Цепная лисица — страница 22 из 81

Поздний вечер, над тёмным переулком плачет осеннее небо. В отблесках фонарей застыли четыре полу-человеческие фигуры. Две Гиены, что загнали добычу в угол и жаждут расправы. Койот, серый, как туман. И белая Лиса, слабая от душевных ран. В её груди зияет чёрный провал, размером с волейбольный мяч. Он насквозь прошивает одежду и тело Эмона и больше всего напоминает чёрную дыру. От краёв провала, словно ядовитые жилы, расходятся в стороны тёмные трещины.

“Ого”, — удивлённо бормочет кошка. Секундой раньше она и Кора появились за спинами Гиен и теперь взирали на развернувшуюся сцену, словно на представление в театре. Дождь пролетал сквозь них, точно они были бесплотными призраками. Кошка подергивая усами, сердито продолжает:

“Эта дыра… На духовной оболочке. Такое без диагноста не обнаружишь. Где тебя угораздило заполучить такую духовную рану? Вероятно, когда хвосты отдавала… С подобной брешью в душе энергия будет утекать очень быстро… Может лет пять Тина ещё протянет. И однажды просто не проснётся. Хорошо хоть ядро цело. Если дыра перекинется на тебя, Кора, то ты уже не сумеешь переродиться. Теперешняя жизнь станет последней. По той же причине опасны и Узы без чувств. Они поглощают не только душу, но и само ядро. И поэтому мы тут — чтобы вас, дурней, спасти… Мы отправимся глубже в воспоминания и найдём первопричину ранения. Если знать её — то можно и рану вылечить. Вернёмся в реальность, залечим эту ямину в твоей груди и разорвём Узы. И вы с Павлом помашете друг другу ручкой, разве не здорово?”

Девочка стоит рядом с кошкой и никак не реагирует на её слова, а только завороженно смотрит на Павла. Он манит продрогшую Кору, точно жаркое пламя у которого можно согреться. Ноги невольно делают шаг, но тут её взгляд перемещается за спину Тине, и Кора замирает, словно вмерзая в землю. Там, за спиной, ничего нет, кроме обыкновенной тени, но девочка в страхе обхватывает себя руками, лисий хвост мечется из стороны в сторону, по лицу скользят призрачные гримасы ужаса — они разевают рты в беззвучном крике, как пойманные на крючок рыбёшки.

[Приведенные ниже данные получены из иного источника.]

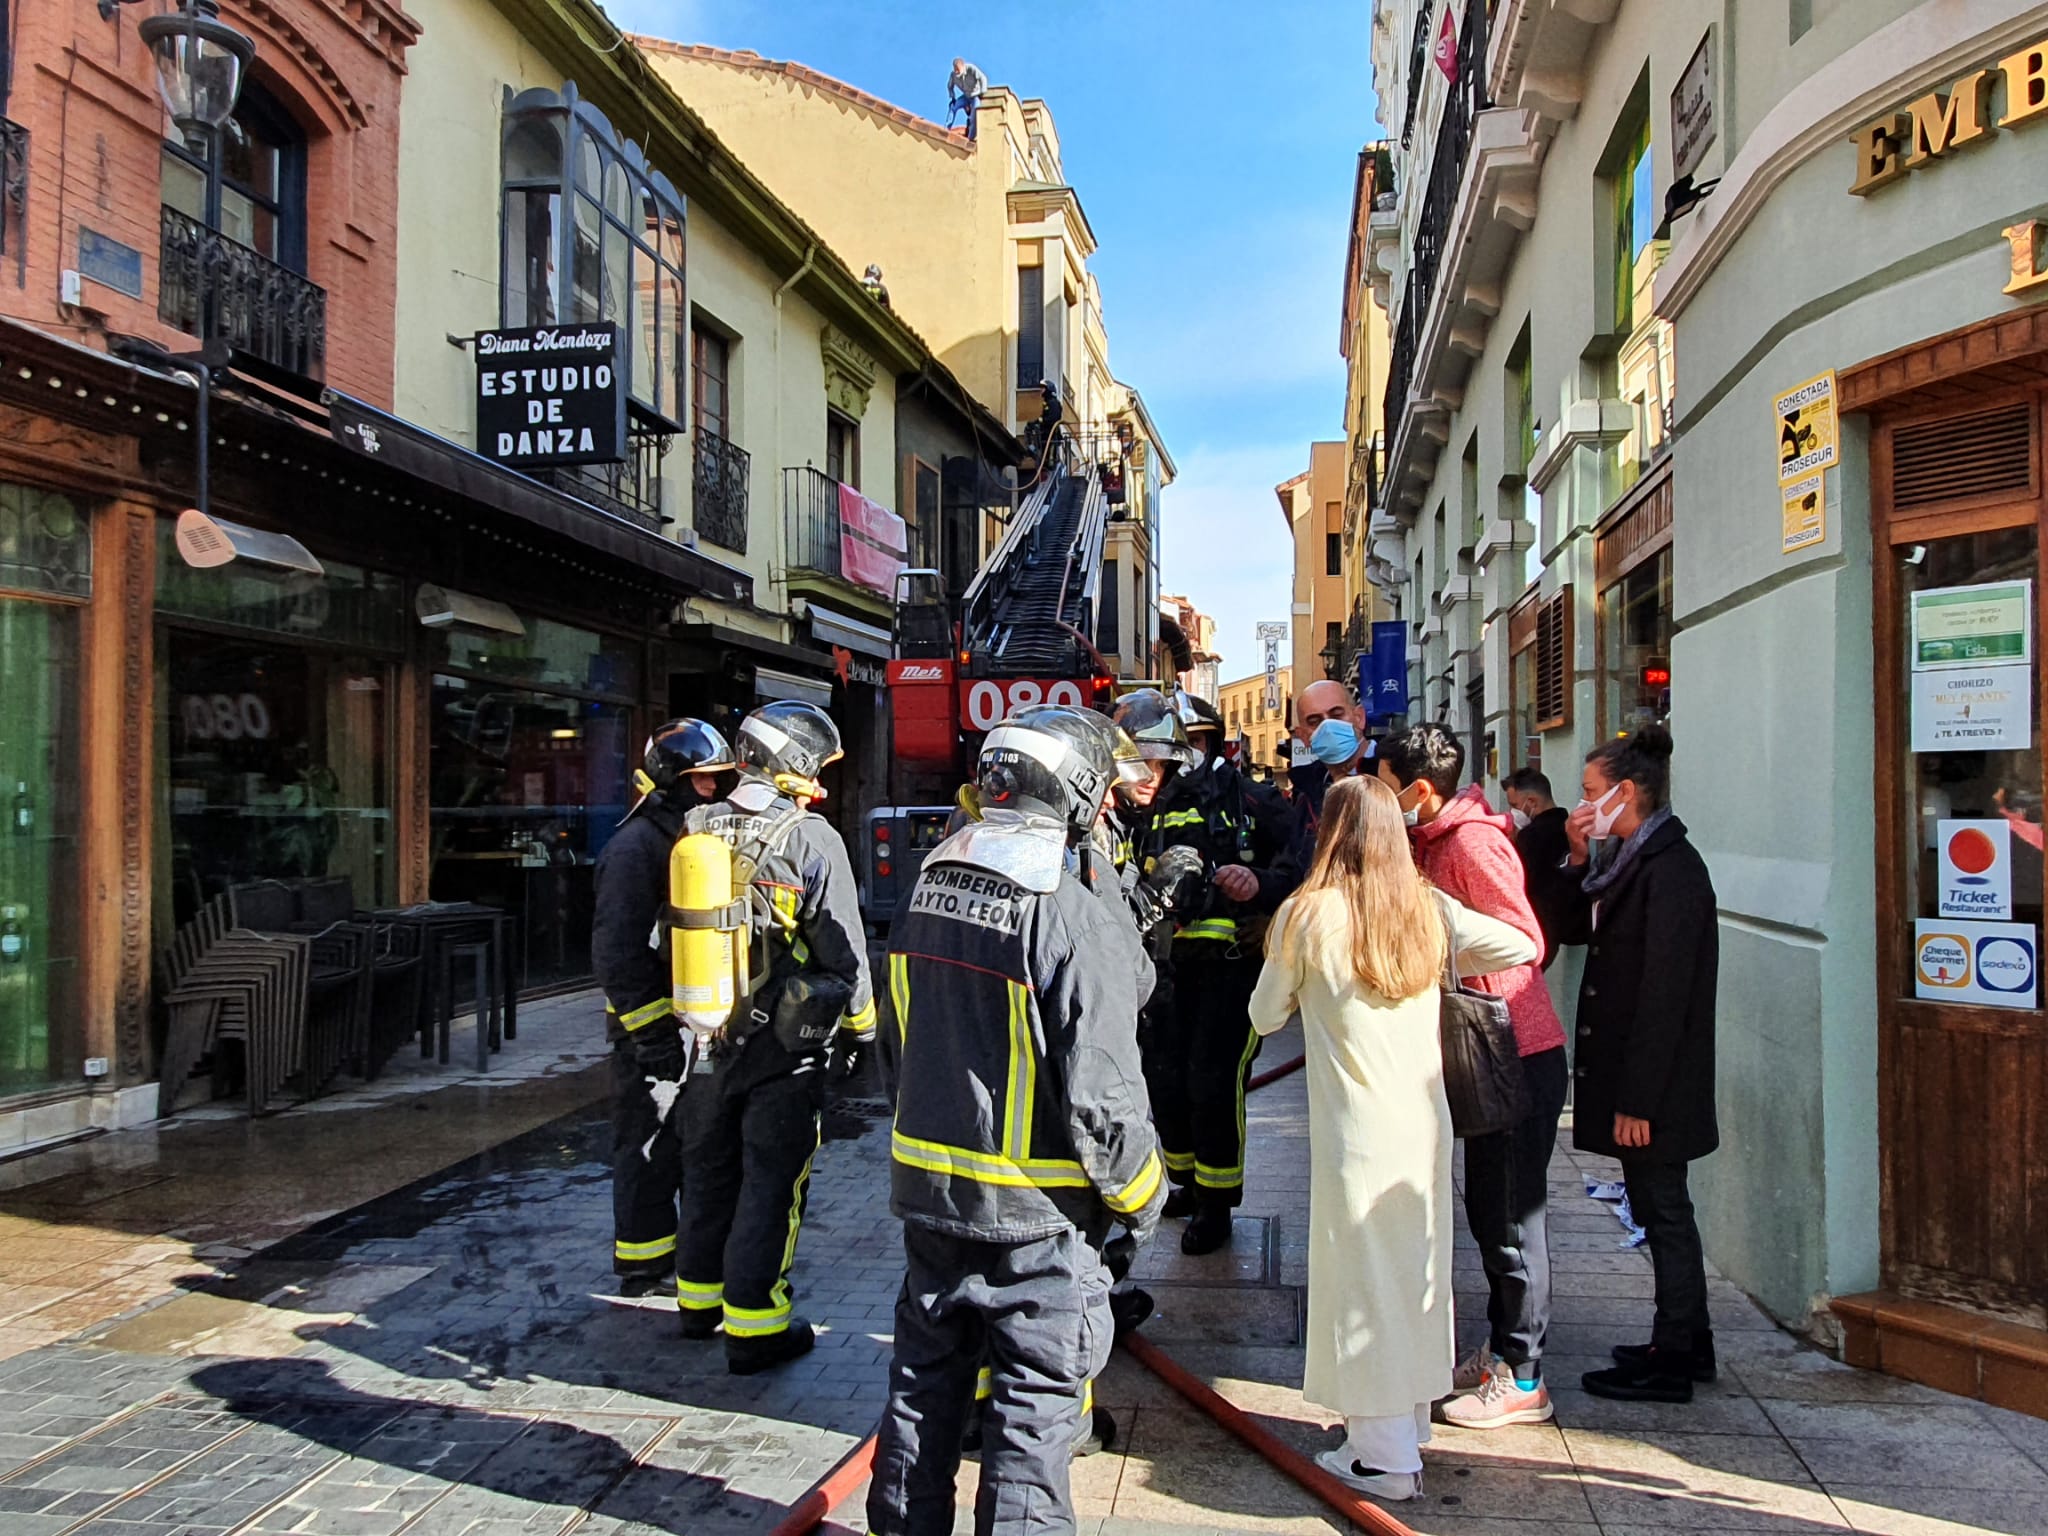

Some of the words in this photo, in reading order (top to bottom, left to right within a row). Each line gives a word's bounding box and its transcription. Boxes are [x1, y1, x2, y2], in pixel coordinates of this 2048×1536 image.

— “Ты чего?” — мяукает кошка, как вдруг прежде неподвижная тень оживает. Вырастает, расползается по асфальту и стене бесформенной кляксой, клубится чёрным дымом прямо над головой Тины и Койота. “Похоже на проклятие”, — обеспокоенно мурлычет Илона.

Гиены из воспоминания скалятся. Их двое, но за ними стоит один человек — мужчина с мутными глазами и улыбкой хищника. Близнецы связаны плотным каналом, точно пуповиной. Скалясь, они синхронно шагают вперёд, облизывая клыки яркими красными языками. Кора шумно втягивает воздух и одними губами старательно складывает слова. Призрачные маски скользят по её лицу, и все как одна беззвучно что-то говоря, будто подсказывая Лисе из прошлого, что нужно теперь сказать.

Койот из прошлого что-то шепчет, складывая пальцы в непонятные знаки. Тина из воспоминания громко произносит: “Мы истинные партнёры”.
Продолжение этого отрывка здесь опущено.